Steam wasn’t much more that DRM at the start. The store was limited, the community nascent. It was also a bit ahead of the curve (at least in the UK) as narrowband internet access was still on life support so being online to play a single player game, even if just at the start, was a big deal. Lots of people got angry. Ubisoft angry. They said bad things in public places. They wrote letters. What did Valve do? They stuck to their insane plan. They made the store better, they developed the communities.

They made Steam worth having in its own right.

Yeah some people still hold a grudge. Valve games aren’t free of piracy. Steam isn’t perfect. But it is a success and one that Ubisoft would have done better to examine in more detail. It is amazing what you can get people to swallow when you sweeten it a bit.

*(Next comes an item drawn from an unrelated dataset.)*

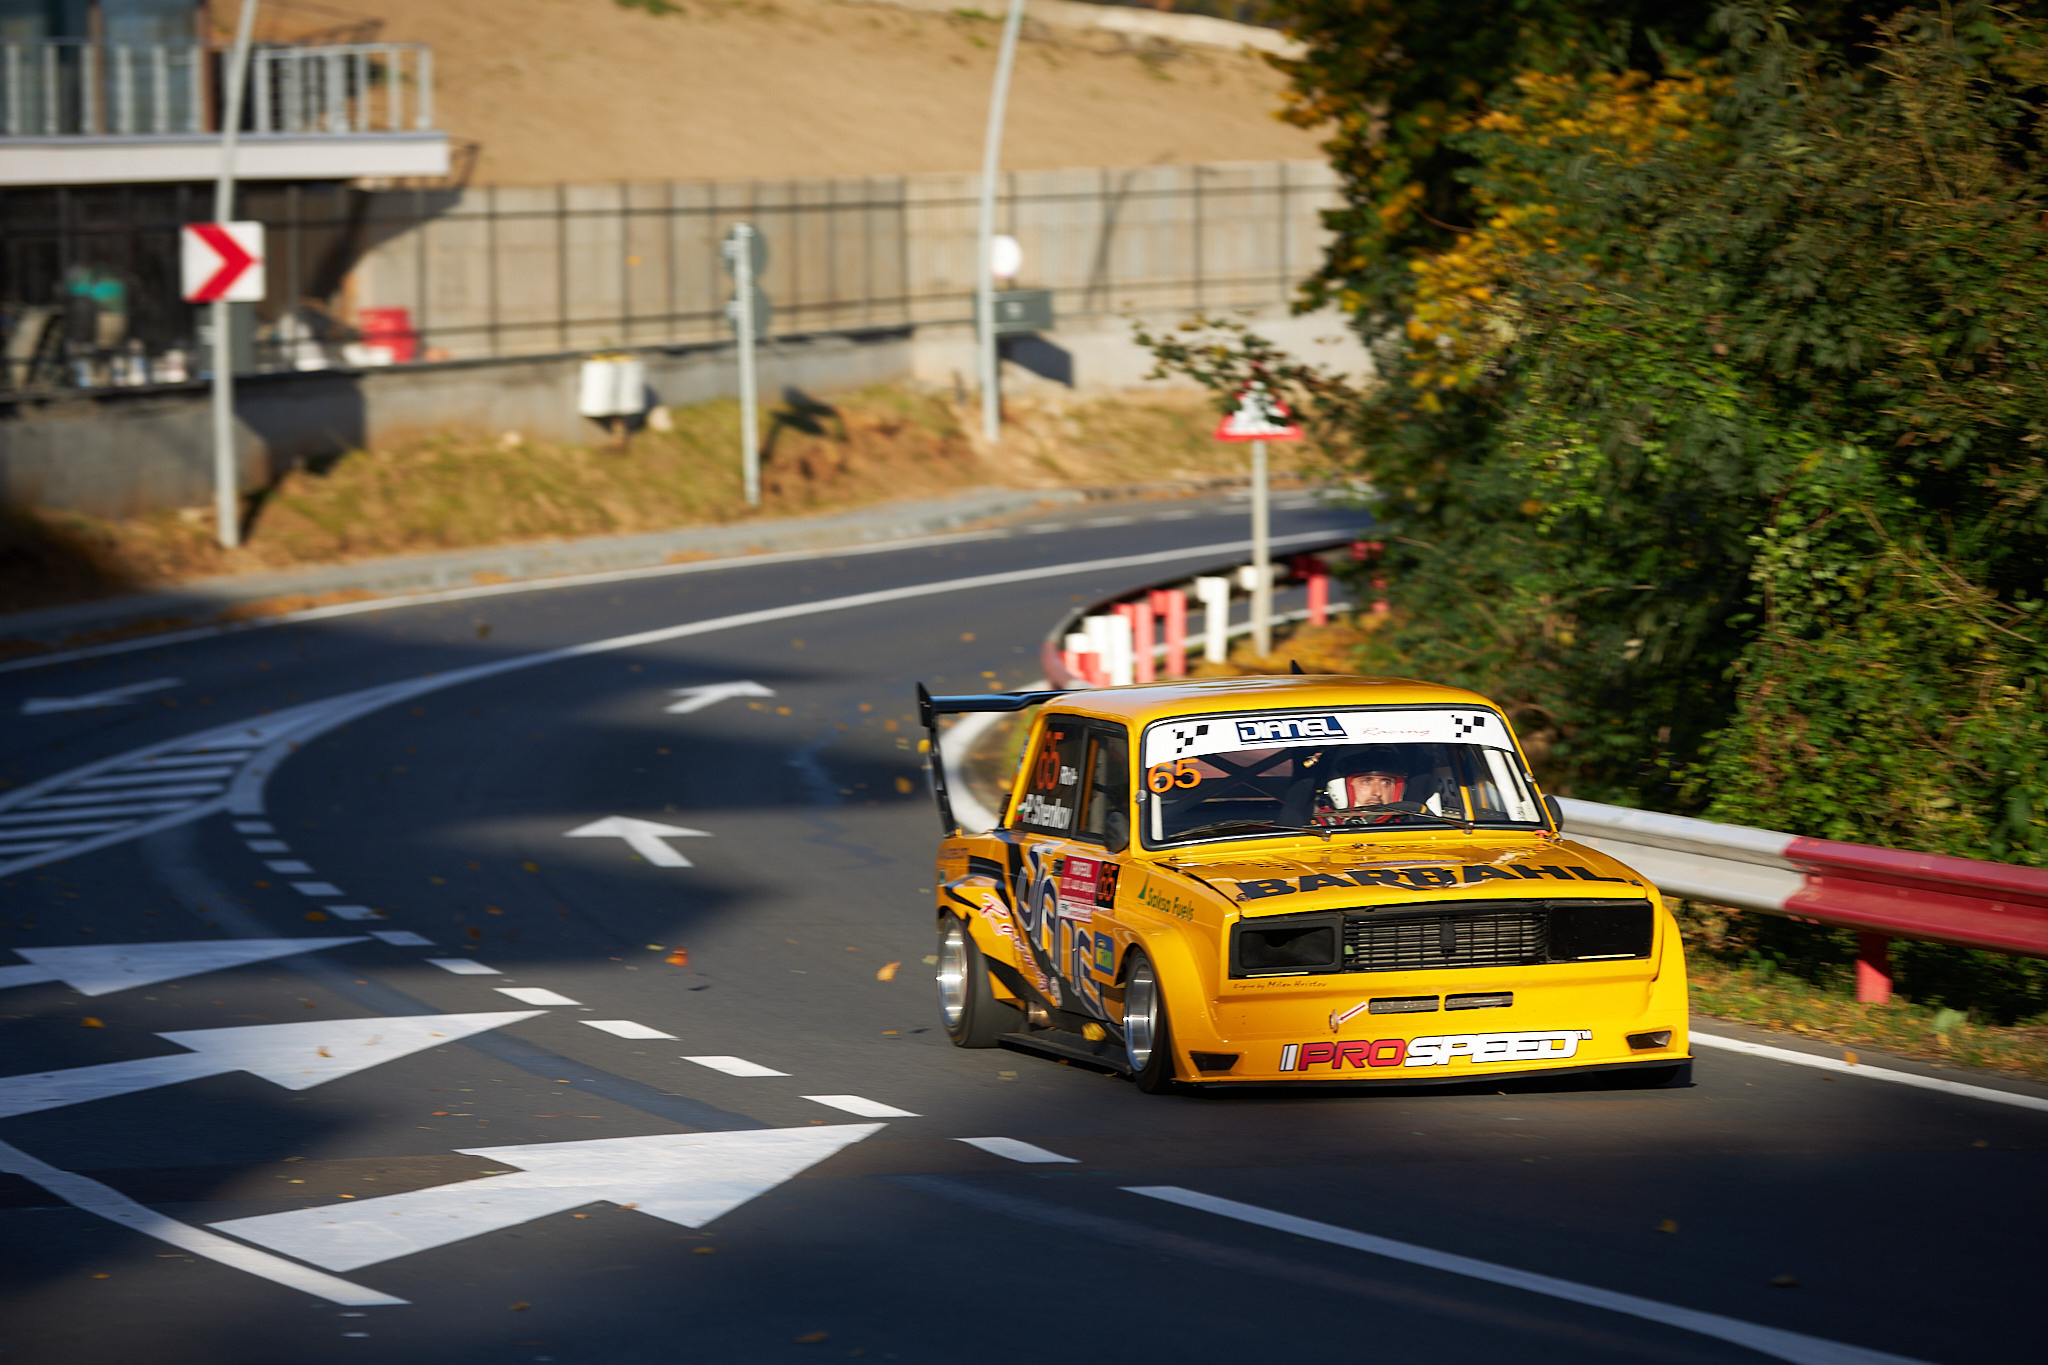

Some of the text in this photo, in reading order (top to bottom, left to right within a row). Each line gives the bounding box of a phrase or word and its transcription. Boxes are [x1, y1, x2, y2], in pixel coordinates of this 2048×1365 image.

[1037, 731, 1064, 790] 65
[1148, 759, 1201, 793] 65
[1097, 863, 1118, 901] 65

And now, more than ever, there is an obvious and pressing need for effective DRM.

The medication is wearing off.

Currently used DRM, such as secuROM is, bluntly, a waste of time and money. Piracy in the PC market is rife. The most popular illegally downloaded games in 2008 (Spore) and 2009 (CoD:MW2) both used the secuROM DRM but were available for illegal download almost from the day they were released.

Look at the figures: it is estimated that Spore was downloaded 1.7 million times versus 2 million in sales while CoD: MW2 was downloaded an estimated 4.1 Million times against sales of approximately 500,000 units. That is eight downloads for every one sale and almost three times more than Spore, which sold four times better a year previously. Even given that every download does not equal a lost sale or even a played game these are scary numbers*.

Climbing to the moon.

In that climate where every game is only a torrent away a publisher really cannot afford to lose the support of their gamer communities with clumsy attempts to lock down their games. Such attempts are just an open invitation to the hacker community to tear them down- and it only takes one person to hack the game and put it up for download to negate the whole effort. Putting the DRM in the game is only half the solution as Ubisoft are finding. Putting it in as part of the game experience surely makes more sense.

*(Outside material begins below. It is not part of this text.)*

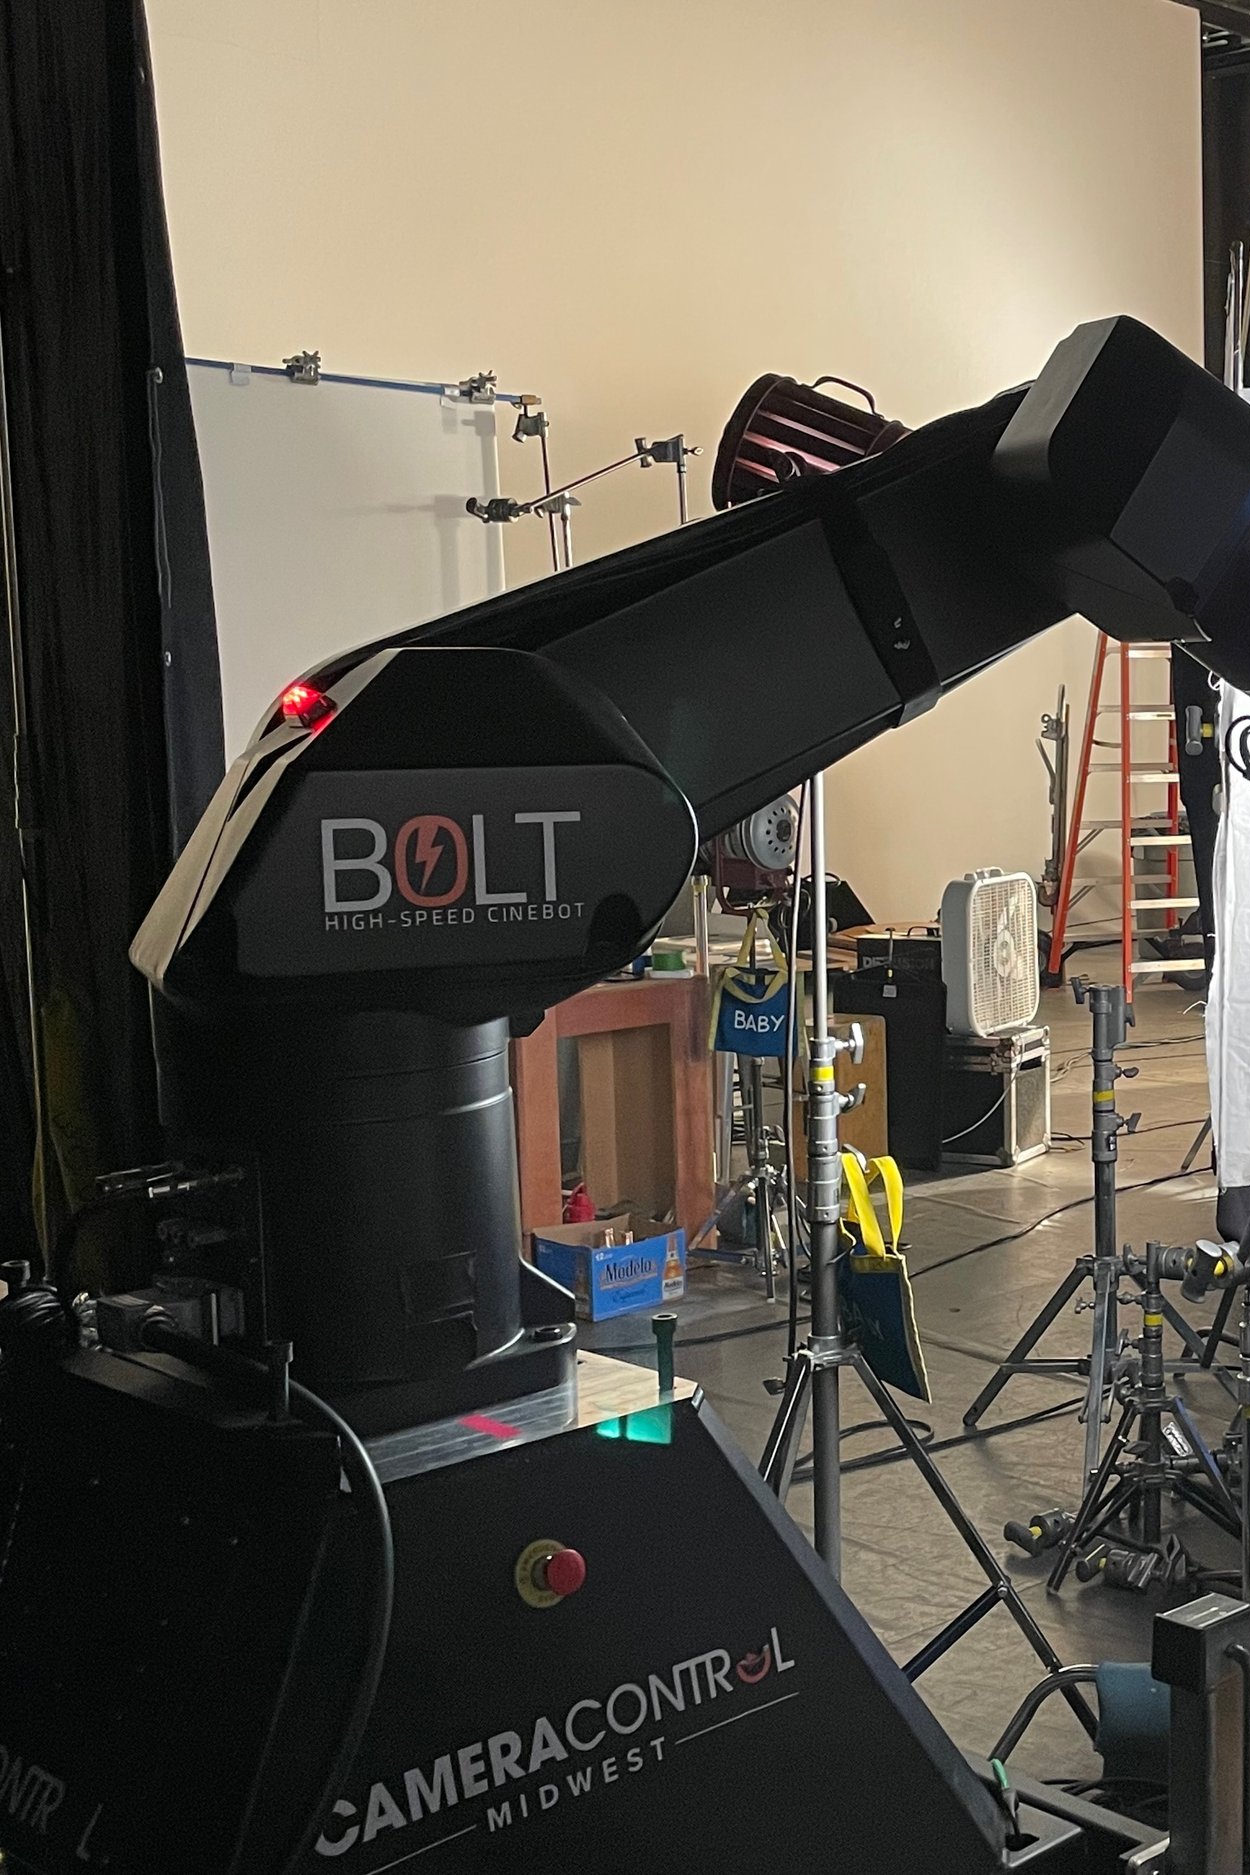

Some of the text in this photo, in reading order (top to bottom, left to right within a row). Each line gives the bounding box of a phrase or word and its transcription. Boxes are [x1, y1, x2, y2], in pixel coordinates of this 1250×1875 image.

Hark back to those cardboard wheels of the past and tie the DRM to the game, and I think that people might be more prepared to forgive the intrusion. Is there a good reason that DRM cannot be presented as a minigame? As part of the plot? Tied into some part of the gaming mechanic itself?

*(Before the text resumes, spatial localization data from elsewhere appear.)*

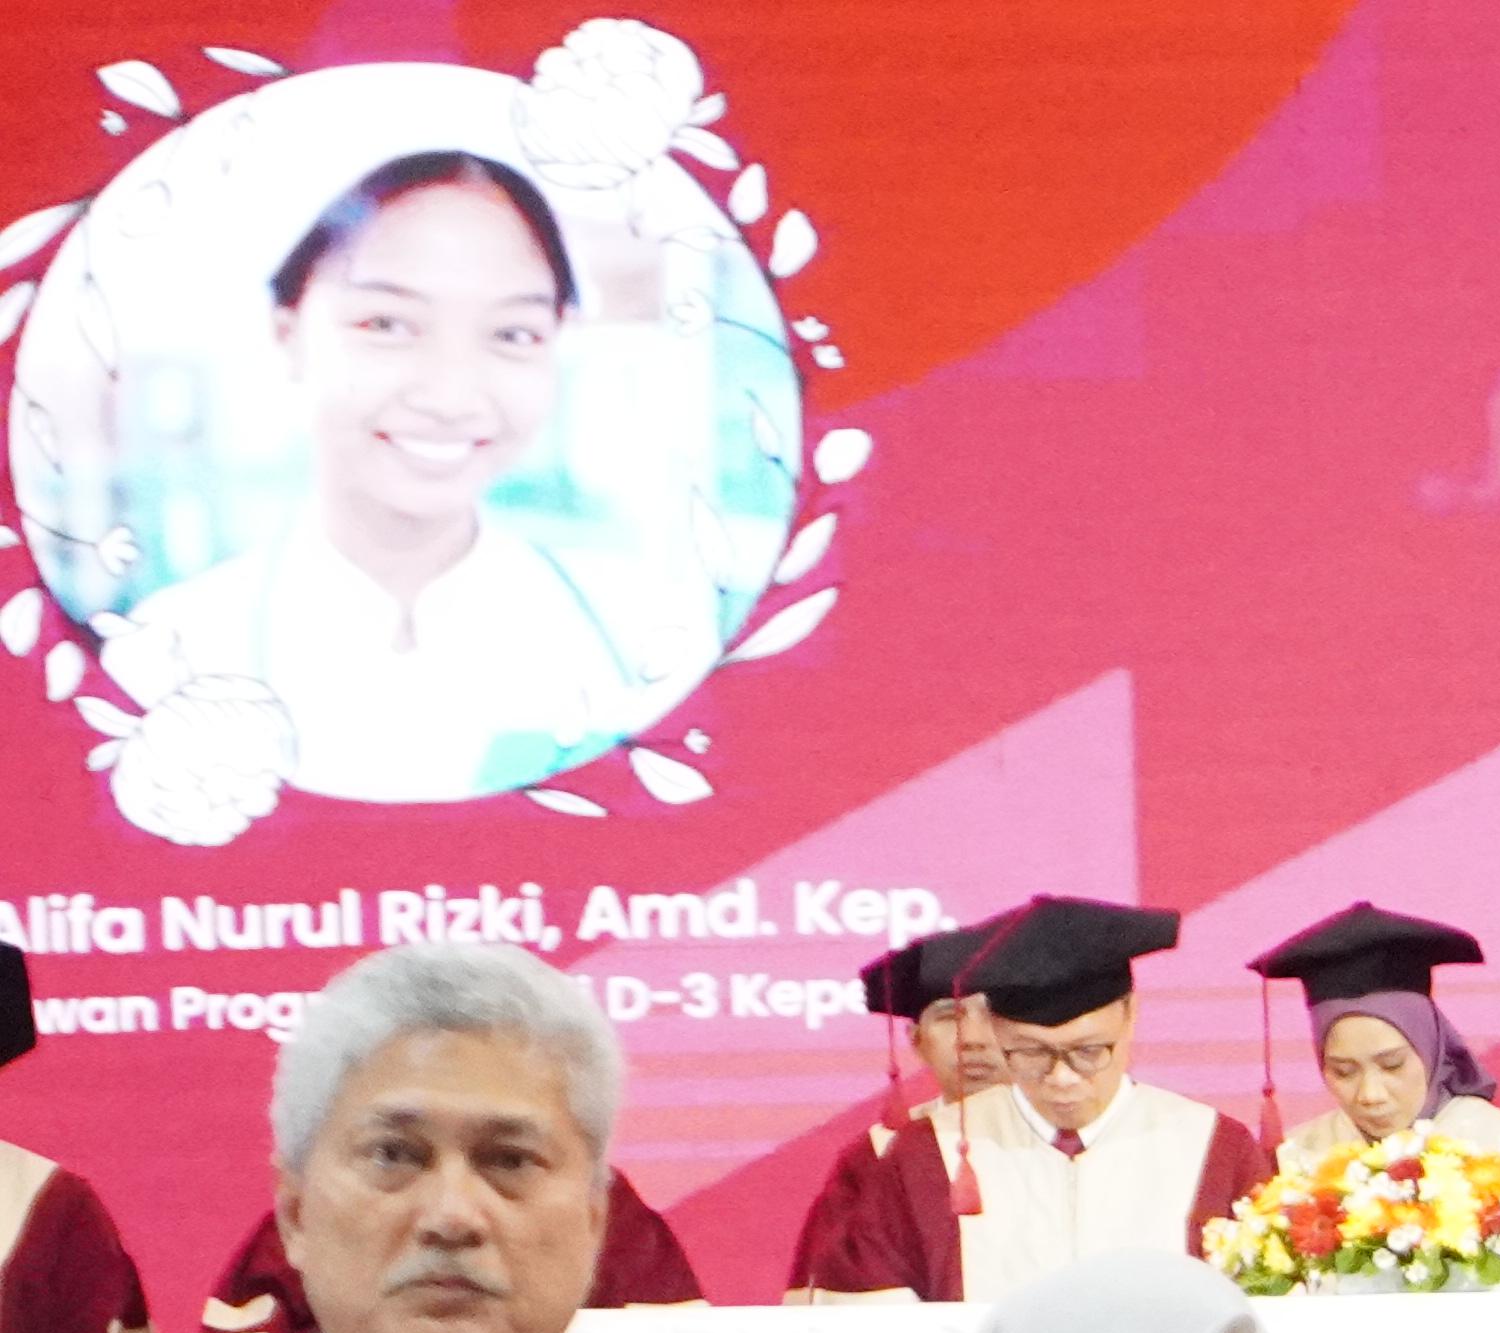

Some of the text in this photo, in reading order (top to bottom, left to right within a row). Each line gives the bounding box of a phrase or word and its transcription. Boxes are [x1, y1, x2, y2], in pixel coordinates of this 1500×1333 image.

[161, 887, 361, 951] Nurul
[378, 882, 562, 951] Rizki,
[577, 878, 778, 941] Amd.
[793, 879, 960, 950] Kep.
[606, 972, 718, 1023] D-3

Would it be wrong for the publisher to reward people for buying a proper copy of the game instead of stomp around self-righteously shouting NO all the time?

Given the current situation, What is the worst that could happen?


*Piracy statistics taken from a report on popular torrents on the Torrentfreak blog. Sales numbers taken from announcements by the companies concerned. They do not include online distribution figures such as Steam.